Secondary Behavioral Outcome: Working Memory Capacity.

To assess working memory capacity, all participants completed 60 trials of the Change Localization Task (Figure 6D)⁵³. The experiment was programmed in E-Prime (https://pstnet.com/products/e-prime/) and the stimuli were presented on a CRT monitor. The stimuli were colored squares (0.7° x 0.7°) that were presented on a gray background. On each trial, the color of each of the four squares was selected randomly without replacement from six possible colors. Each square was presented at a random location within an imaginary circle with a 3° radius. On each trial, participants were first presented with a fixation cross for 500ms, followed by an array of four colored squares which remained visible for 100ms and was followed by a 900ms delay/retention interval where only the fixation cross was visible. The delay was followed by a test array of four squares in which the color of three squares was unchanged and the color of one square was different. Participants were instructed to select the square that did change color. A mouse was used to make the selection, and thus we were not able to reliably measure RTs in this experiment. This response was self-paced and trials were separated by a 2,000-ms inter-trial interval. A “K score” was then calculated for each participant (K = % correct X number of items in memory array), providing an index of their overall working memory capacity before and after training.

Exploratory Behavioral Outcomes: Working Memory Fidelity.

We used a delayed recognition paradigm designed to measure changes in participants’ ability to maintain an accurate mental representation of items in working memory either in presence or absence of distracting or interfering information. We have used versions of this task in numerous previous studies^54,55, including one other cognitive training study⁷ where the methods are described in detail.

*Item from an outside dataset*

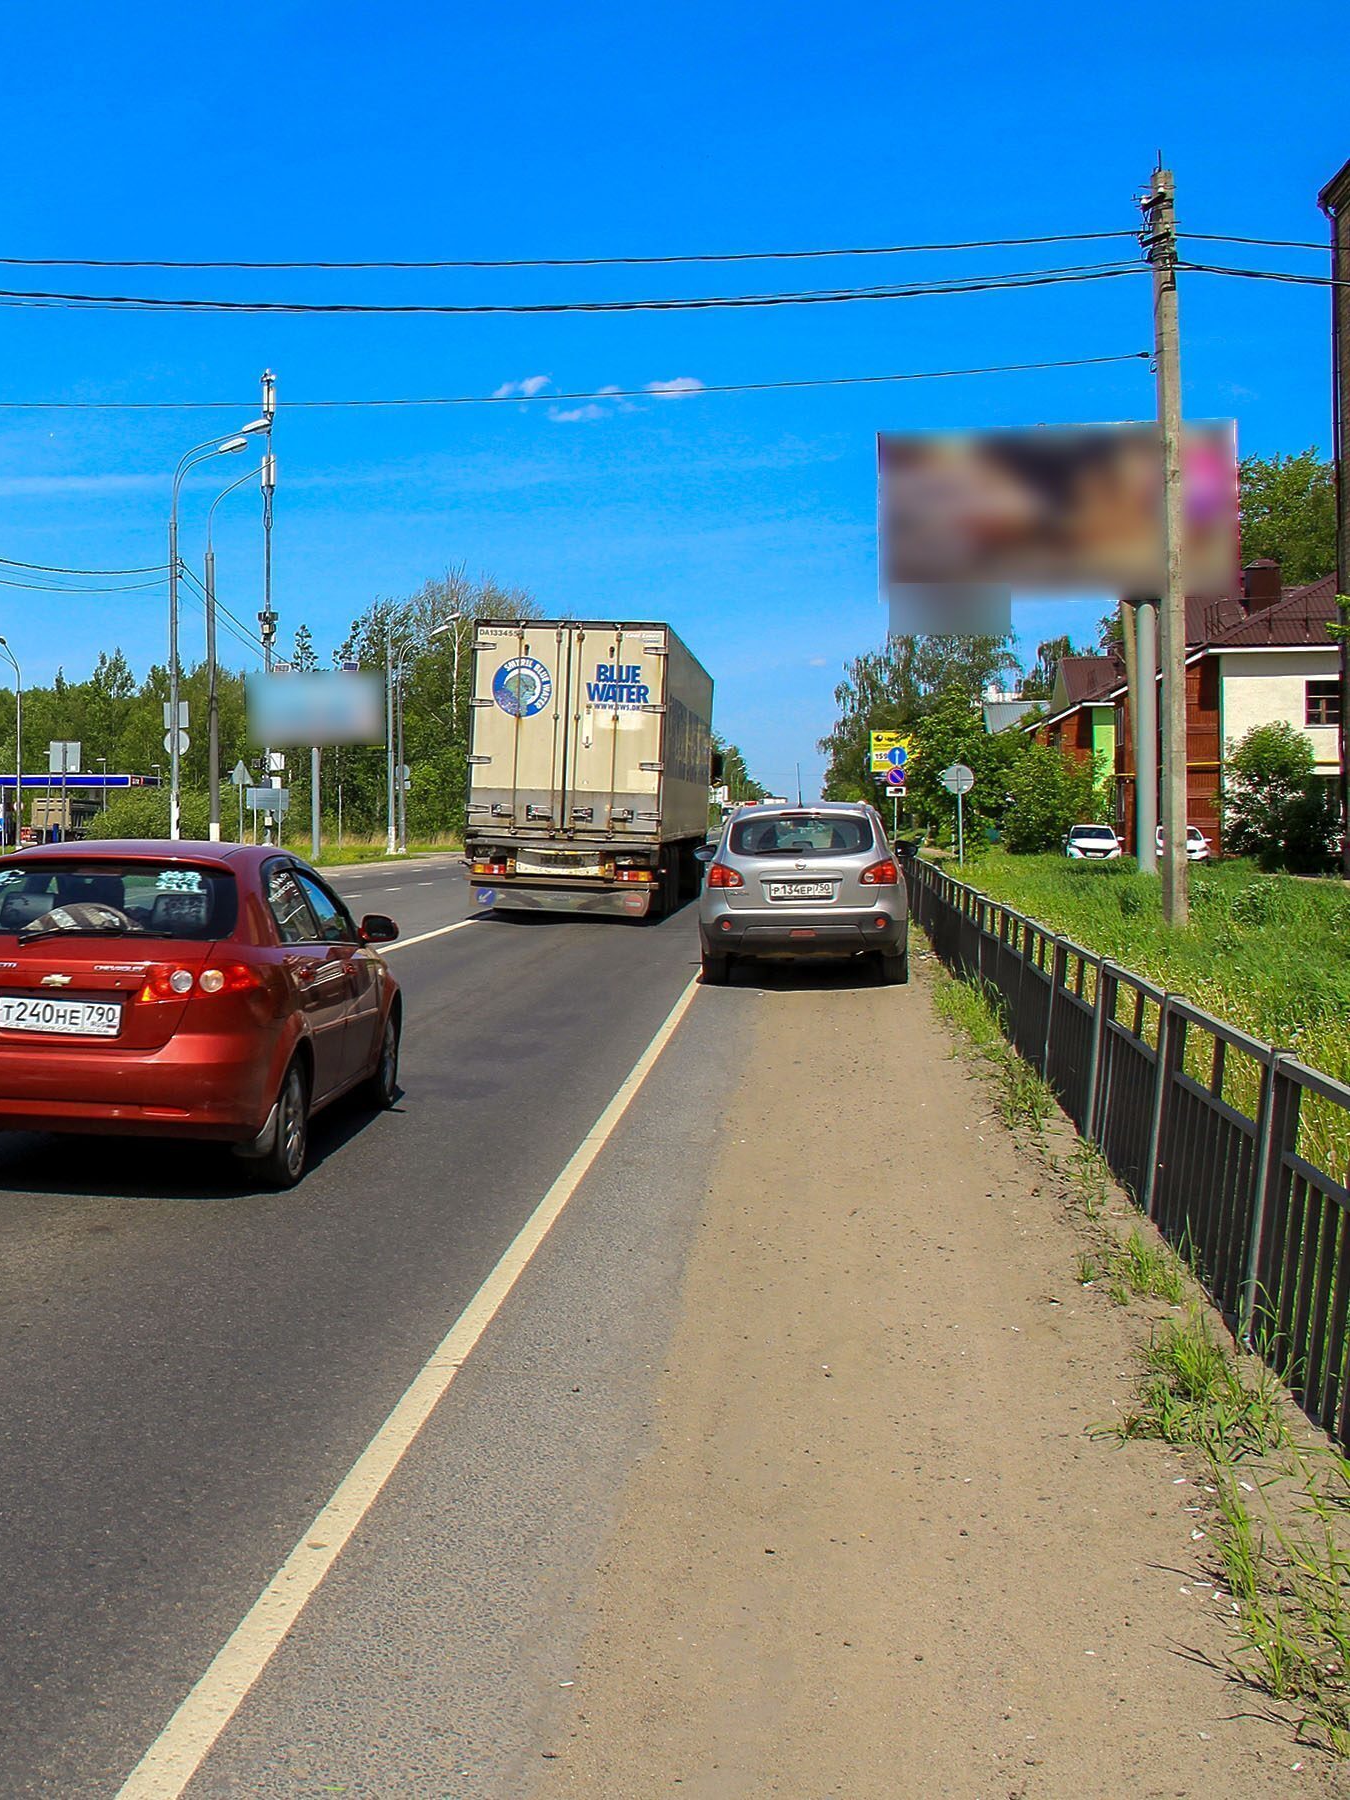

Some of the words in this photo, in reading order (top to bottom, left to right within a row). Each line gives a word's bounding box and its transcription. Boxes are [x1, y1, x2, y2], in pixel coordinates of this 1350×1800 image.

To summarize briefly, this paradigm consisted of four different conditions that were presented in blocks: 1) no distraction (ND), 2) Ignore distractor (distractor was present, but participants were informed that the distractor was to be ignored), 3) Attend Distractor (participants were required to made a judgment about the interfering stimulus), and a passive view (PV) control condition which did not have a memory component and participants simply viewed face or scene stimuli after which they were instructed to respond as quickly as possible to a left or right arrow with a left or right button press. Each run was preceded by an instruction slide informing the participant which condition they would be performing. Each trial began with the presentation of a face displayed for 800 ms, followed by a delay period (3 s), the presentation of a face stimulus as a distractor in the ID and AD conditions (800 ms), a second delay period (3 s), and the presentation of a face probe (1 s). The participants were instructed to make a match/nonmatch button press response at the probe as quickly as possible, without sacrificing accuracy. This was followed by a self-paced inter-trial interval (ITI). The experiment was programmed in E-Prime (https://pstnet.com/products/e-prime/) and the stimuli were presented on a CRT monitor. Results from this outcome are presented in Supplementary Information.

Post-Intervention Survey of Training Expectancy.

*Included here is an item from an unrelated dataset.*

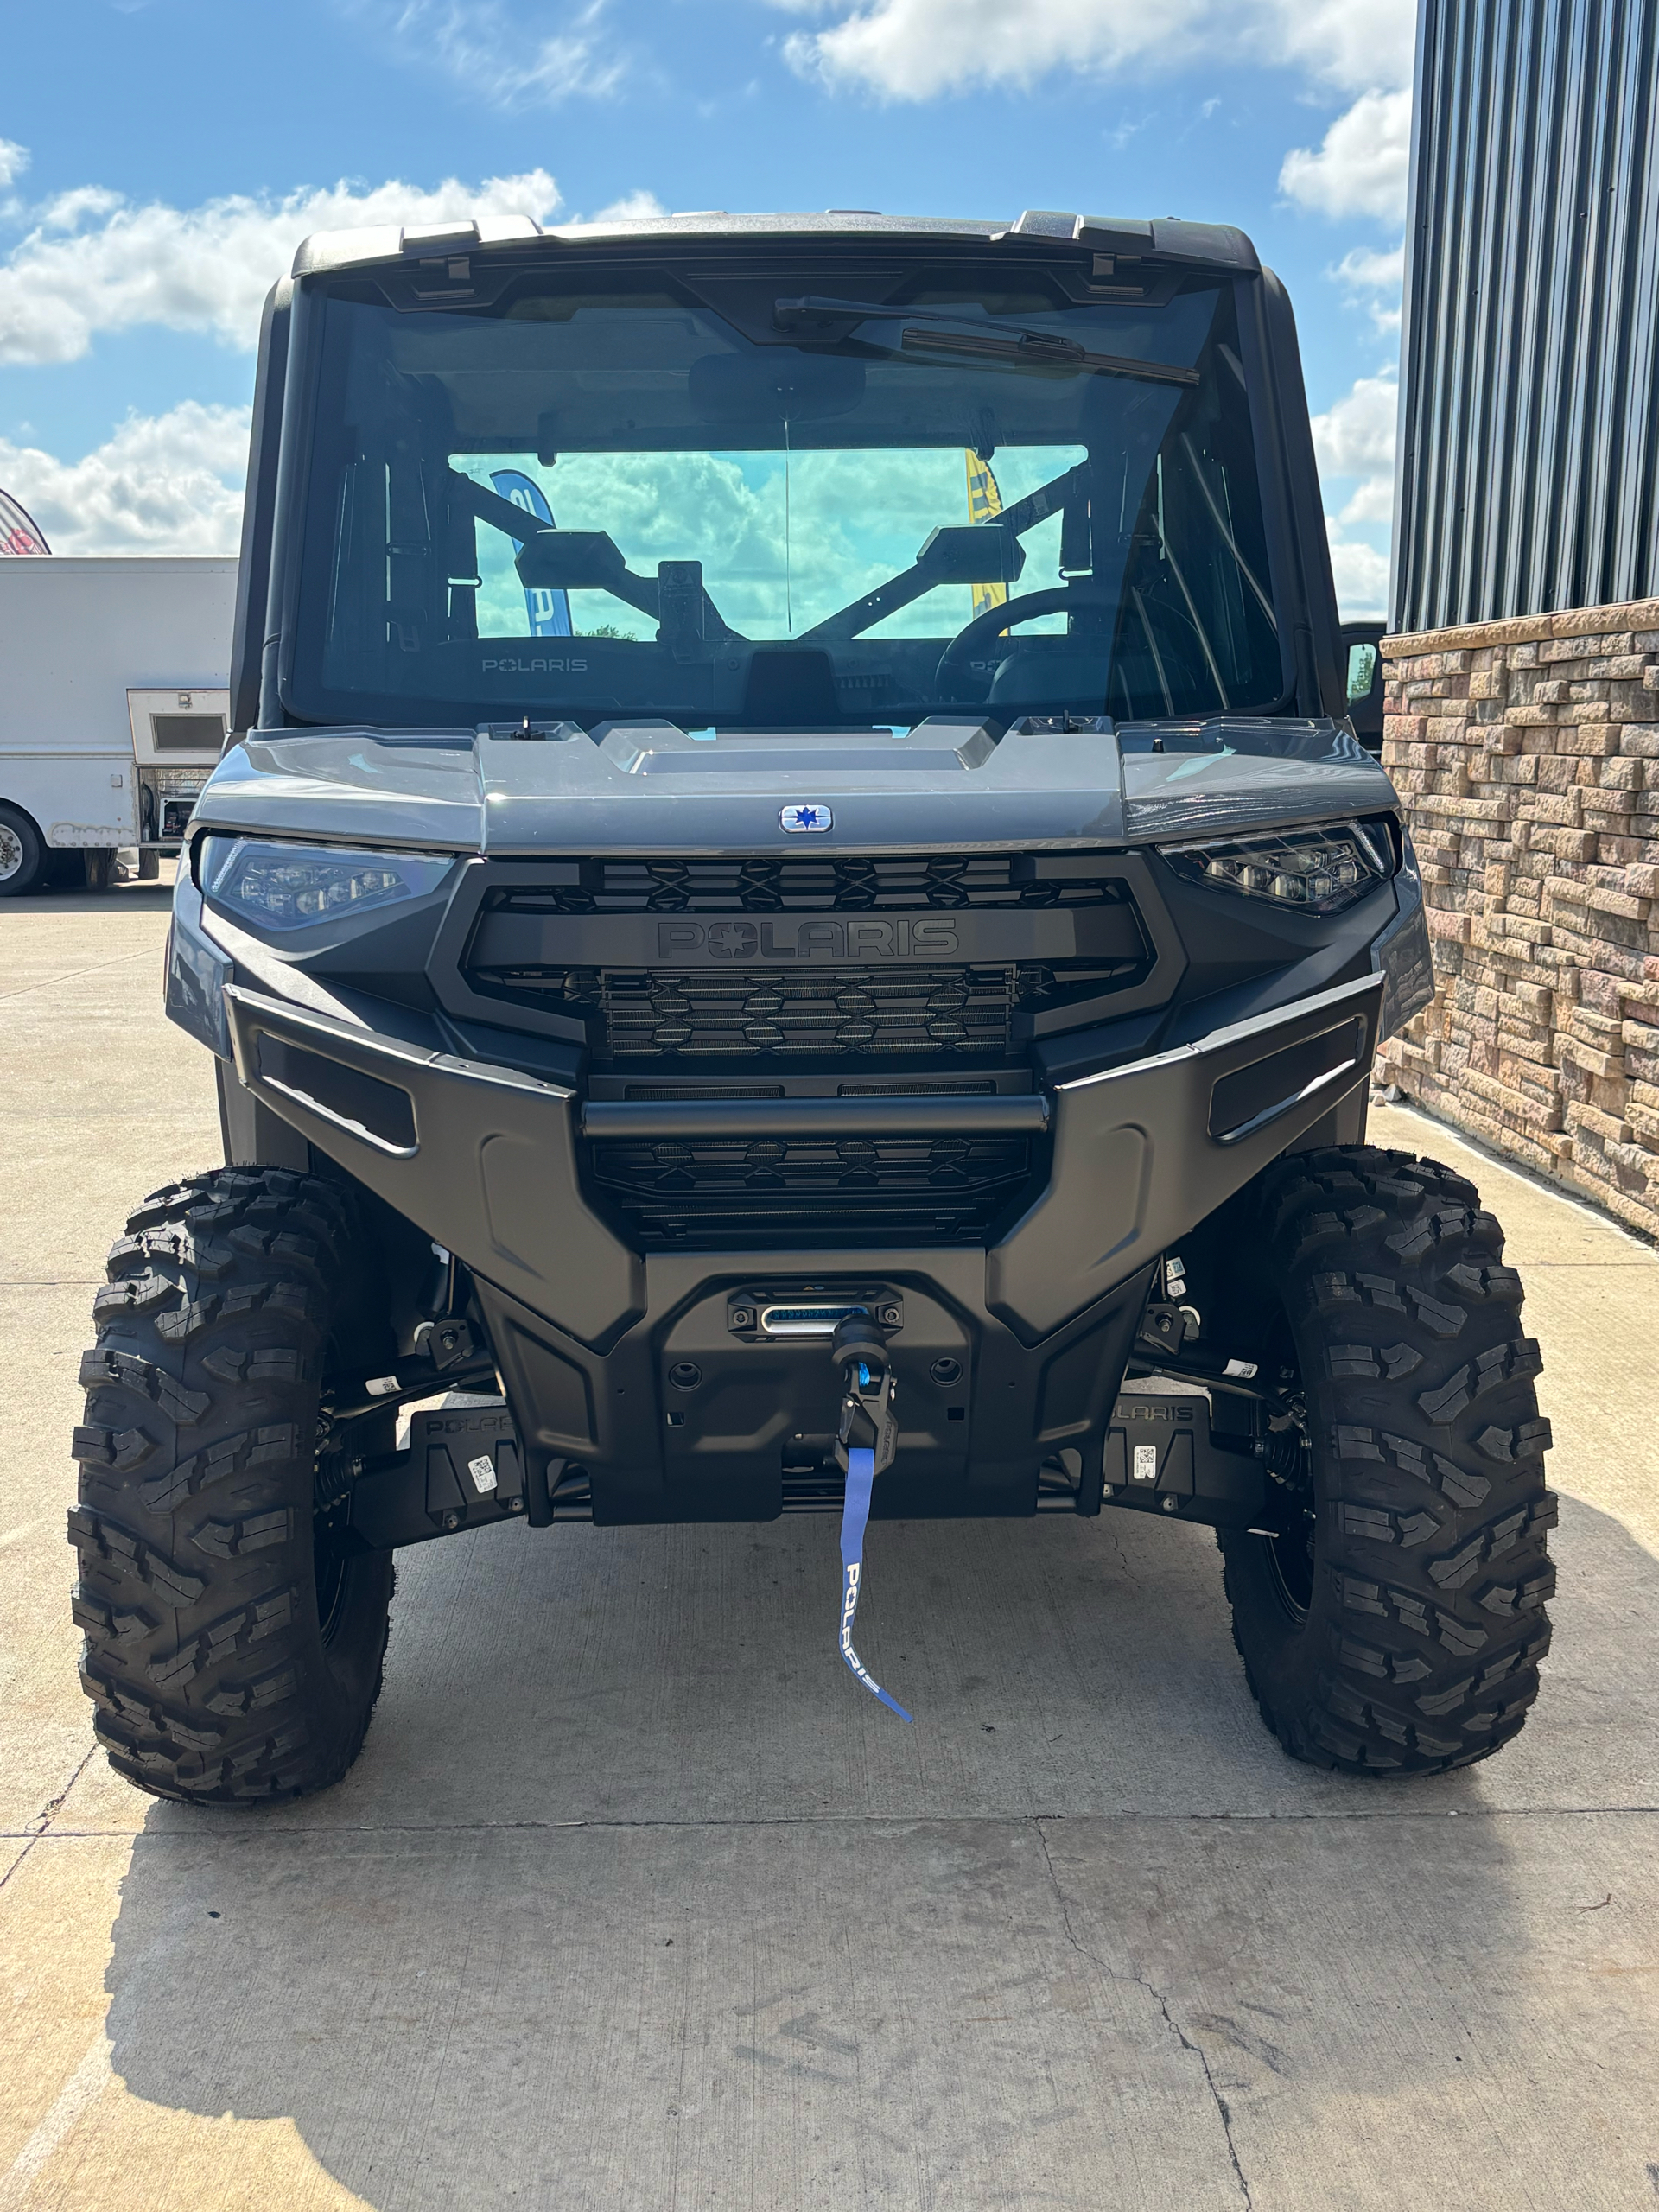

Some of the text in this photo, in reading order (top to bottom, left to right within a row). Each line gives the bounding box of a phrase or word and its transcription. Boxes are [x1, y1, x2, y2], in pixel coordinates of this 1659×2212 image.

In addition to using the results from Experiment 1 to guide our choice of placebo control, we also sought to confirm that expectations of improvements were matched in our actual training sample. Thus, immediately following the completion of all experimental tasks on the participants’ post-training laboratory session, we ended by collected survey data about the participants’ expectations that their assigned intervention would improve their performance on each of the outcome tasks (the procedure was the same as Experiment 1, but simply performed after the end of the post-training experimental session). We did not find a significant difference in the expectation of improving on any of our four outcome measures (see Supplementary Table 1 for means and statistics). These data confirmed that there was no significant difference between the MediTrain and Placebo control groups in their expectations that they would improve on each cognitive task.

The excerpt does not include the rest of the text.